— Work item —
Copy the data that follows, character for character, minus the pictures.

— Supplied entries —
'''
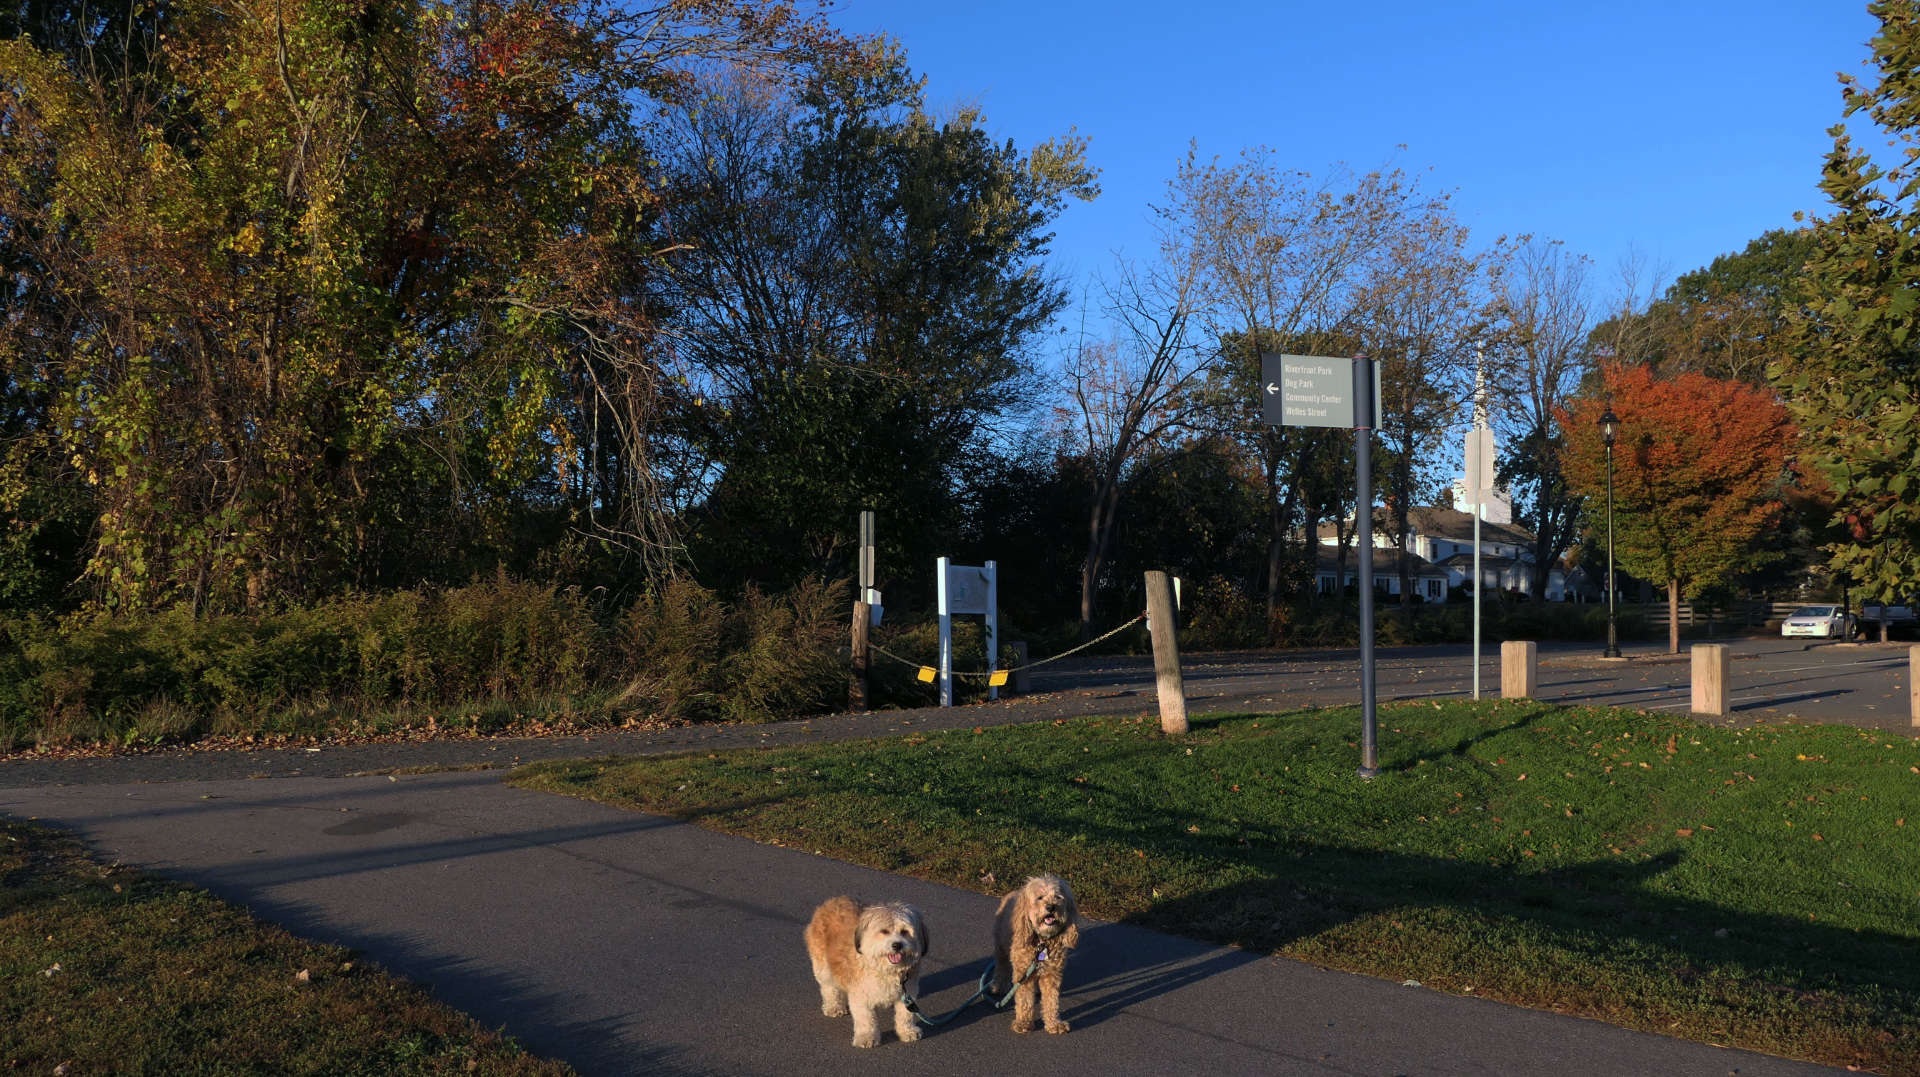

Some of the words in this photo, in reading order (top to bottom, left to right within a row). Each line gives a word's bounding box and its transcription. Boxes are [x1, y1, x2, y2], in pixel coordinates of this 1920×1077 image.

[1318, 366, 1332, 376] Park
[1285, 378, 1298, 389] Dog
[1299, 379, 1313, 388] Park
[1286, 392, 1319, 405] Community
[1307, 407, 1327, 417] Street
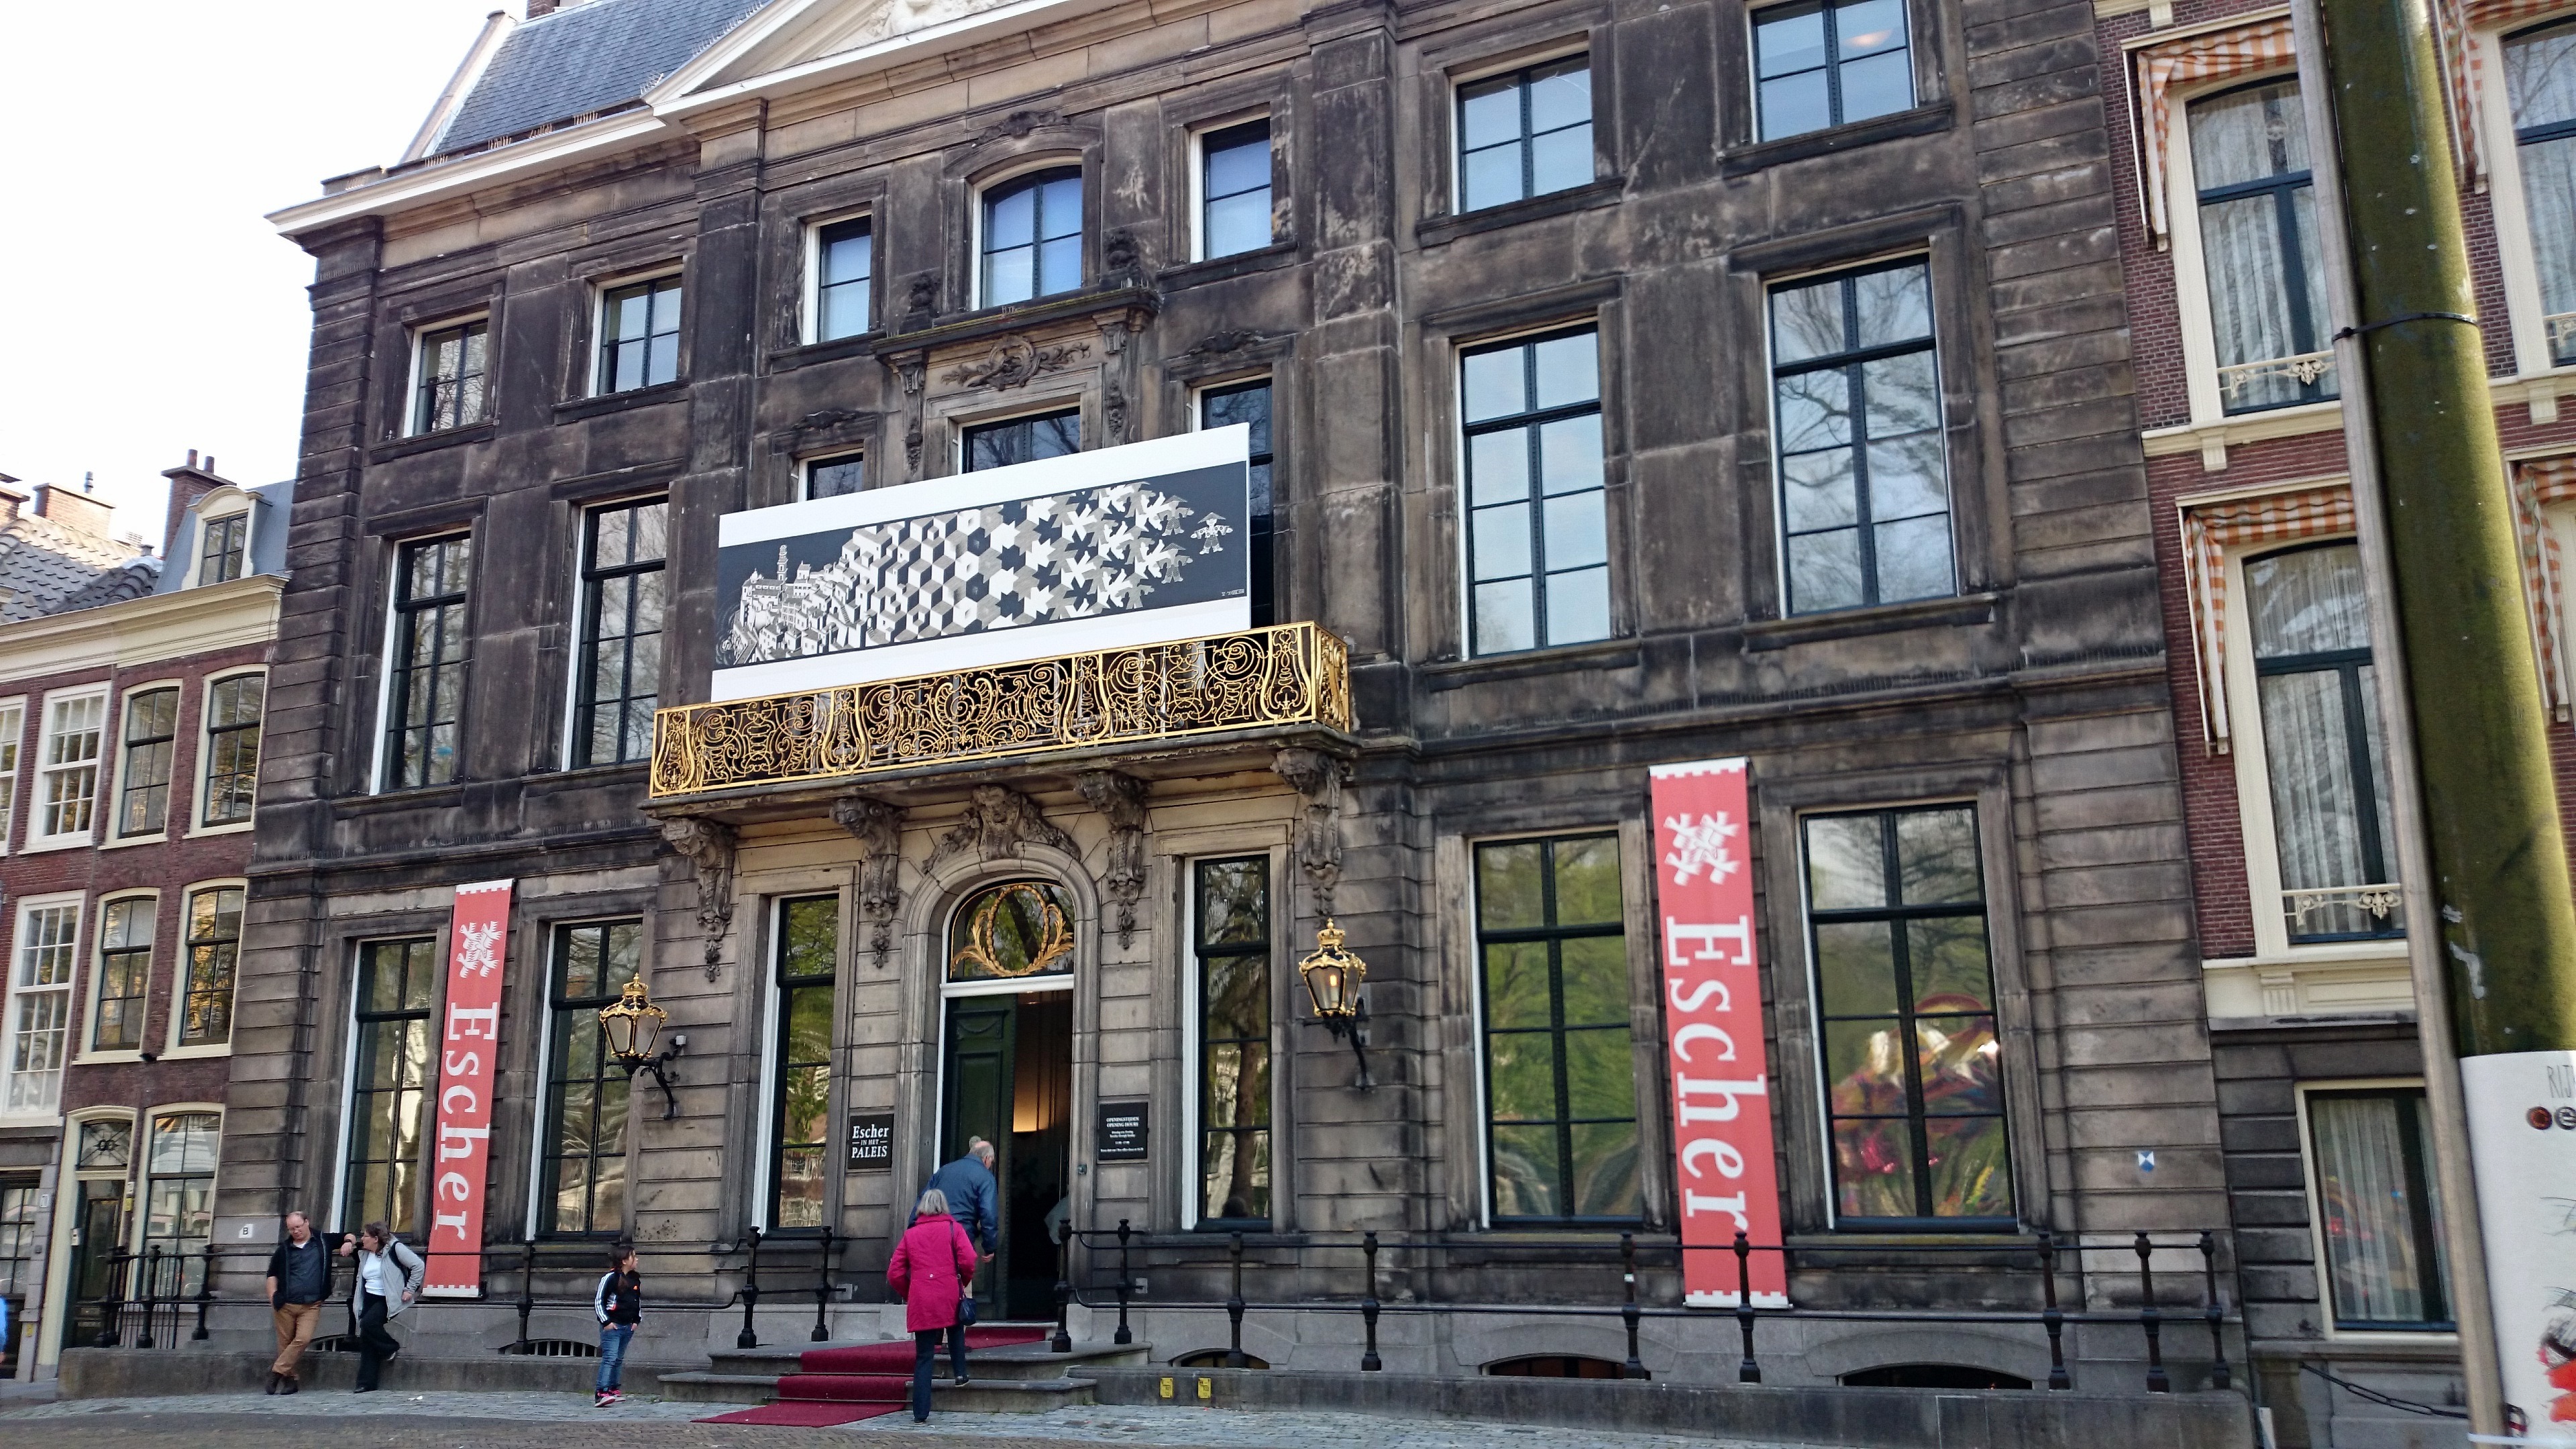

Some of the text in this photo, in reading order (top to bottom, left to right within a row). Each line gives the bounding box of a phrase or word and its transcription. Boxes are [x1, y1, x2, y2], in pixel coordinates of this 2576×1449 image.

[1666, 916, 1766, 1231] Escher
[435, 1002, 498, 1240] Escher
[852, 1124, 890, 1139] Escher
[851, 1145, 888, 1159] PALEIS
[243, 1227, 249, 1235] B
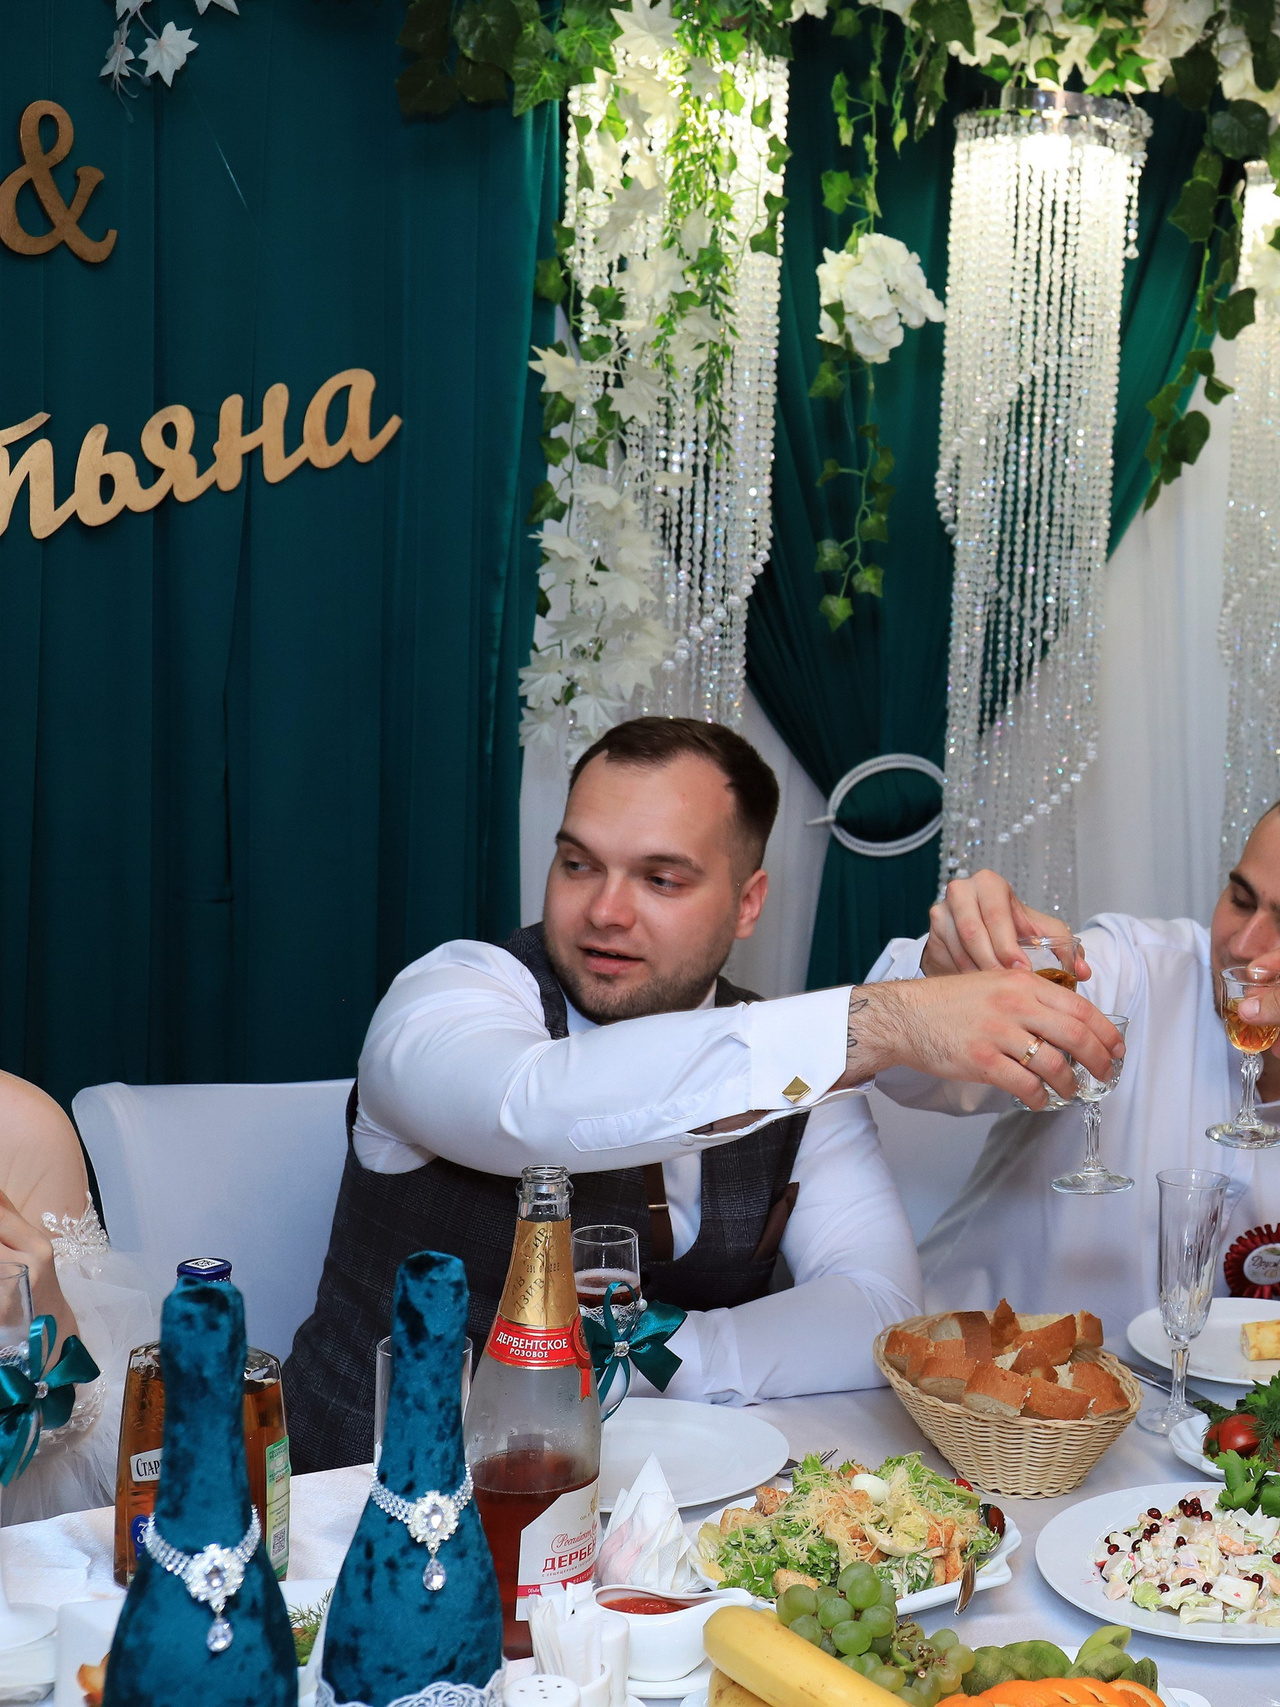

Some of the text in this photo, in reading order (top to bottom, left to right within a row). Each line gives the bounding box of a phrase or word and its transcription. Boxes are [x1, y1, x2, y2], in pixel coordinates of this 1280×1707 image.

[0, 100, 118, 263] &
[496, 1331, 568, 1351] ДЕРБЕНТСКОЕ
[509, 1347, 548, 1358] РОЗОВОЕ
[136, 1458, 161, 1477] СТАР
'''
— Expected answer —
Some of the words in this photo, in reading order (top to bottom, left to right within a row). Each line gives a word's bounding box and its transcription. Boxes are [x1, y1, x2, y2], in pixel coordinates of this 1920×1077 image.

[1318, 366, 1332, 376] Park
[1285, 378, 1298, 389] Dog
[1299, 379, 1313, 388] Park
[1286, 392, 1319, 405] Community
[1307, 407, 1327, 417] Street

Some of the text in this photo, in reading order (top to bottom, left to right within a row). Each line gives the bounding box of a phrase or word and its transcription. Boxes are [x1, y1, x2, y2], in pixel coordinates of this 2576×1449 image.

[1666, 916, 1766, 1231] Escher
[435, 1002, 498, 1240] Escher
[852, 1124, 890, 1139] Escher
[851, 1145, 888, 1159] PALEIS
[243, 1227, 249, 1235] B

Some of the text in this photo, in reading order (top to bottom, left to right within a row). Each line gives the bounding box of a phrase or word and its transcription. Boxes are [x1, y1, x2, y2], in pixel coordinates of this 1280×1707 image.

[0, 100, 118, 263] &
[496, 1331, 568, 1351] ДЕРБЕНТСКОЕ
[509, 1347, 548, 1358] РОЗОВОЕ
[136, 1458, 161, 1477] СТАР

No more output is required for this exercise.